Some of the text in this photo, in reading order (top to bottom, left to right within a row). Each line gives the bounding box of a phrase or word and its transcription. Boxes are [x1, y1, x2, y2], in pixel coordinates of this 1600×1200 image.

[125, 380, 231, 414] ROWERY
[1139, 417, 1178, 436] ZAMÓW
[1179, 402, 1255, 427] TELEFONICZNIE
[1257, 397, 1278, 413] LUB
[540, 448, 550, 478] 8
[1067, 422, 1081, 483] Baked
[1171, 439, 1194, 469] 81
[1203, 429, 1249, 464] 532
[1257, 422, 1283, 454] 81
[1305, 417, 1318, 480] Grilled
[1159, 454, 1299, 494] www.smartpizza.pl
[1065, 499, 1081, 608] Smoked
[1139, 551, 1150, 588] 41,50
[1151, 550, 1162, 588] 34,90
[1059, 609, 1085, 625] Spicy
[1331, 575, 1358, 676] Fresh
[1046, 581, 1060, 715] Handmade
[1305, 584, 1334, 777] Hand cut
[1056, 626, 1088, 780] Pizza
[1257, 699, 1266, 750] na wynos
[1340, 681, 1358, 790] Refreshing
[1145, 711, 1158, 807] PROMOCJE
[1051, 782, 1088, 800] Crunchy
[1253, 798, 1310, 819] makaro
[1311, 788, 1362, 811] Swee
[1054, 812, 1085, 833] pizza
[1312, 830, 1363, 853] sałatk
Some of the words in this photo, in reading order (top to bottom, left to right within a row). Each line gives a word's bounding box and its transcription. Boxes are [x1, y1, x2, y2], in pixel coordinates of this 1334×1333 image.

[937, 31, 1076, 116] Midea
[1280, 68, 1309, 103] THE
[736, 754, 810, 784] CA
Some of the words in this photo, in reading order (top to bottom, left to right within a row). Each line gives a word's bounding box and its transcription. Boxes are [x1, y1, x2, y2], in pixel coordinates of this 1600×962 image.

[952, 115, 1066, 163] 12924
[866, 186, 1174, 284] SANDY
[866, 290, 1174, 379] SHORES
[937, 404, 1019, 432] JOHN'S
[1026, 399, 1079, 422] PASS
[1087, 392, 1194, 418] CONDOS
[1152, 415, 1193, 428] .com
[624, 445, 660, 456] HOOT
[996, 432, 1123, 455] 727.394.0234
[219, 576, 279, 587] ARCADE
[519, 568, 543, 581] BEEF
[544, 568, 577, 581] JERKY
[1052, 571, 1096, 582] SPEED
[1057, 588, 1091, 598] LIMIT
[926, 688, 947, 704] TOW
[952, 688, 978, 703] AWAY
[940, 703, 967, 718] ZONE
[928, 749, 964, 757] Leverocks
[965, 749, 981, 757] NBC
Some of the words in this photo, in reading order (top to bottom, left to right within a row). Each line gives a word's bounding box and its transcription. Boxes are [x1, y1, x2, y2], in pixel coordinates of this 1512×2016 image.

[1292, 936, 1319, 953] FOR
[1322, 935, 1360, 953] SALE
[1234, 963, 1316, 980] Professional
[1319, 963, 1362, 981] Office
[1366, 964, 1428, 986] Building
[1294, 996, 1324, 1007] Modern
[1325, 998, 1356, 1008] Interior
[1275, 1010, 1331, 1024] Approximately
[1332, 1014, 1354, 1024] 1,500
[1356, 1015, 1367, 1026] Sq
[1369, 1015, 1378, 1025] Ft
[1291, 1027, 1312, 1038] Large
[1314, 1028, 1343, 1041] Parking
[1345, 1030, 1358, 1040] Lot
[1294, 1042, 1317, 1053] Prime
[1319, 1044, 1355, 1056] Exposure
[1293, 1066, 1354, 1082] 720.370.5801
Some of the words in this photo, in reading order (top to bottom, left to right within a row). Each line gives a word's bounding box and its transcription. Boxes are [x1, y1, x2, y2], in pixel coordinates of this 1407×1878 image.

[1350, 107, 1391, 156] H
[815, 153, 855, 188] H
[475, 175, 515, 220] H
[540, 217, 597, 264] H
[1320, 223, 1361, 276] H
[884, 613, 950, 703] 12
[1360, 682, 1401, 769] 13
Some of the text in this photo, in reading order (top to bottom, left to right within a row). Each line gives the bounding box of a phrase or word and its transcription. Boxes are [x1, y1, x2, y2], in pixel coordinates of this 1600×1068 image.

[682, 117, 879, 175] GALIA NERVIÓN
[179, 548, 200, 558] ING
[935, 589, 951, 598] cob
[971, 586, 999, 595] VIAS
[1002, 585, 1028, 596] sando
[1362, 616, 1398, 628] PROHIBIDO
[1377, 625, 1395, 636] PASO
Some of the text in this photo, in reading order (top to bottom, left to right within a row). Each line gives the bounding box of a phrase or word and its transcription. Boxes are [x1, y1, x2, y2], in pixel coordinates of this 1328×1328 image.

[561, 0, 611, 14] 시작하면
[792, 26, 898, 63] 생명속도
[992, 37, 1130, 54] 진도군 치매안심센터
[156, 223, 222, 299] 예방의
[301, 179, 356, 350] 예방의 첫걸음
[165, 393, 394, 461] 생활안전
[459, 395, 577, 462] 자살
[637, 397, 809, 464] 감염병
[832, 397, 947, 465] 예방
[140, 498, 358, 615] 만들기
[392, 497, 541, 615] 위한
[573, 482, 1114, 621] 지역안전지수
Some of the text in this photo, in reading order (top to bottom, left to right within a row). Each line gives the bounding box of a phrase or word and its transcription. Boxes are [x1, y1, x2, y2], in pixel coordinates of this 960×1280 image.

Required action – Exactly as it appears above, retype the material in full.

Answer section –
Some of the text in this photo, in reading order (top to bottom, left to right within a row). Each line gives the bounding box of a phrase or word and its transcription. Boxes are [x1, y1, x2, y2], in pixel coordinates of this 1600×1200 image.

[125, 380, 231, 414] ROWERY
[1139, 417, 1178, 436] ZAMÓW
[1179, 402, 1255, 427] TELEFONICZNIE
[1257, 397, 1278, 413] LUB
[540, 448, 550, 478] 8
[1067, 422, 1081, 483] Baked
[1171, 439, 1194, 469] 81
[1203, 429, 1249, 464] 532
[1257, 422, 1283, 454] 81
[1305, 417, 1318, 480] Grilled
[1159, 454, 1299, 494] www.smartpizza.pl
[1065, 499, 1081, 608] Smoked
[1139, 551, 1150, 588] 41,50
[1151, 550, 1162, 588] 34,90
[1059, 609, 1085, 625] Spicy
[1331, 575, 1358, 676] Fresh
[1046, 581, 1060, 715] Handmade
[1305, 584, 1334, 777] Hand cut
[1056, 626, 1088, 780] Pizza
[1257, 699, 1266, 750] na wynos
[1340, 681, 1358, 790] Refreshing
[1145, 711, 1158, 807] PROMOCJE
[1051, 782, 1088, 800] Crunchy
[1253, 798, 1310, 819] makaro
[1311, 788, 1362, 811] Swee
[1054, 812, 1085, 833] pizza
[1312, 830, 1363, 853] sałatk
Some of the words in this photo, in reading order (top to bottom, left to right within a row). Each line gives a word's bounding box and its transcription. Boxes are [x1, y1, x2, y2], in pixel coordinates of this 1334×1333 image.

[937, 31, 1076, 116] Midea
[1280, 68, 1309, 103] THE
[736, 754, 810, 784] CA
Some of the words in this photo, in reading order (top to bottom, left to right within a row). Each line gives a word's bounding box and its transcription. Boxes are [x1, y1, x2, y2], in pixel coordinates of this 1600×962 image.

[952, 115, 1066, 163] 12924
[866, 186, 1174, 284] SANDY
[866, 290, 1174, 379] SHORES
[937, 404, 1019, 432] JOHN'S
[1026, 399, 1079, 422] PASS
[1087, 392, 1194, 418] CONDOS
[1152, 415, 1193, 428] .com
[624, 445, 660, 456] HOOT
[996, 432, 1123, 455] 727.394.0234
[219, 576, 279, 587] ARCADE
[519, 568, 543, 581] BEEF
[544, 568, 577, 581] JERKY
[1052, 571, 1096, 582] SPEED
[1057, 588, 1091, 598] LIMIT
[926, 688, 947, 704] TOW
[952, 688, 978, 703] AWAY
[940, 703, 967, 718] ZONE
[928, 749, 964, 757] Leverocks
[965, 749, 981, 757] NBC
Some of the words in this photo, in reading order (top to bottom, left to right within a row). Each line gives a word's bounding box and its transcription. Boxes are [x1, y1, x2, y2], in pixel coordinates of this 1512×2016 image.

[1292, 936, 1319, 953] FOR
[1322, 935, 1360, 953] SALE
[1234, 963, 1316, 980] Professional
[1319, 963, 1362, 981] Office
[1366, 964, 1428, 986] Building
[1294, 996, 1324, 1007] Modern
[1325, 998, 1356, 1008] Interior
[1275, 1010, 1331, 1024] Approximately
[1332, 1014, 1354, 1024] 1,500
[1356, 1015, 1367, 1026] Sq
[1369, 1015, 1378, 1025] Ft
[1291, 1027, 1312, 1038] Large
[1314, 1028, 1343, 1041] Parking
[1345, 1030, 1358, 1040] Lot
[1294, 1042, 1317, 1053] Prime
[1319, 1044, 1355, 1056] Exposure
[1293, 1066, 1354, 1082] 720.370.5801
Some of the words in this photo, in reading order (top to bottom, left to right within a row). Each line gives a word's bounding box and its transcription. Boxes are [x1, y1, x2, y2], in pixel coordinates of this 1407×1878 image.

[1350, 107, 1391, 156] H
[815, 153, 855, 188] H
[475, 175, 515, 220] H
[540, 217, 597, 264] H
[1320, 223, 1361, 276] H
[884, 613, 950, 703] 12
[1360, 682, 1401, 769] 13
Some of the text in this photo, in reading order (top to bottom, left to right within a row). Each line gives the bounding box of a phrase or word and its transcription. Boxes are [x1, y1, x2, y2], in pixel coordinates of this 1600×1068 image.

[682, 117, 879, 175] GALIA NERVIÓN
[179, 548, 200, 558] ING
[935, 589, 951, 598] cob
[971, 586, 999, 595] VIAS
[1002, 585, 1028, 596] sando
[1362, 616, 1398, 628] PROHIBIDO
[1377, 625, 1395, 636] PASO
Some of the text in this photo, in reading order (top to bottom, left to right within a row). Each line gives the bounding box of a phrase or word and its transcription. Boxes are [x1, y1, x2, y2], in pixel coordinates of this 1328×1328 image.

[561, 0, 611, 14] 시작하면
[792, 26, 898, 63] 생명속도
[992, 37, 1130, 54] 진도군 치매안심센터
[156, 223, 222, 299] 예방의
[301, 179, 356, 350] 예방의 첫걸음
[165, 393, 394, 461] 생활안전
[459, 395, 577, 462] 자살
[637, 397, 809, 464] 감염병
[832, 397, 947, 465] 예방
[140, 498, 358, 615] 만들기
[392, 497, 541, 615] 위한
[573, 482, 1114, 621] 지역안전지수
Some of the text in this photo, in reading order (top to bottom, left to right within a row). Each line gives the bounding box of a phrase or word and its transcription. Boxes are [x1, y1, x2, y2], in pixel coordinates of this 960×1280 image.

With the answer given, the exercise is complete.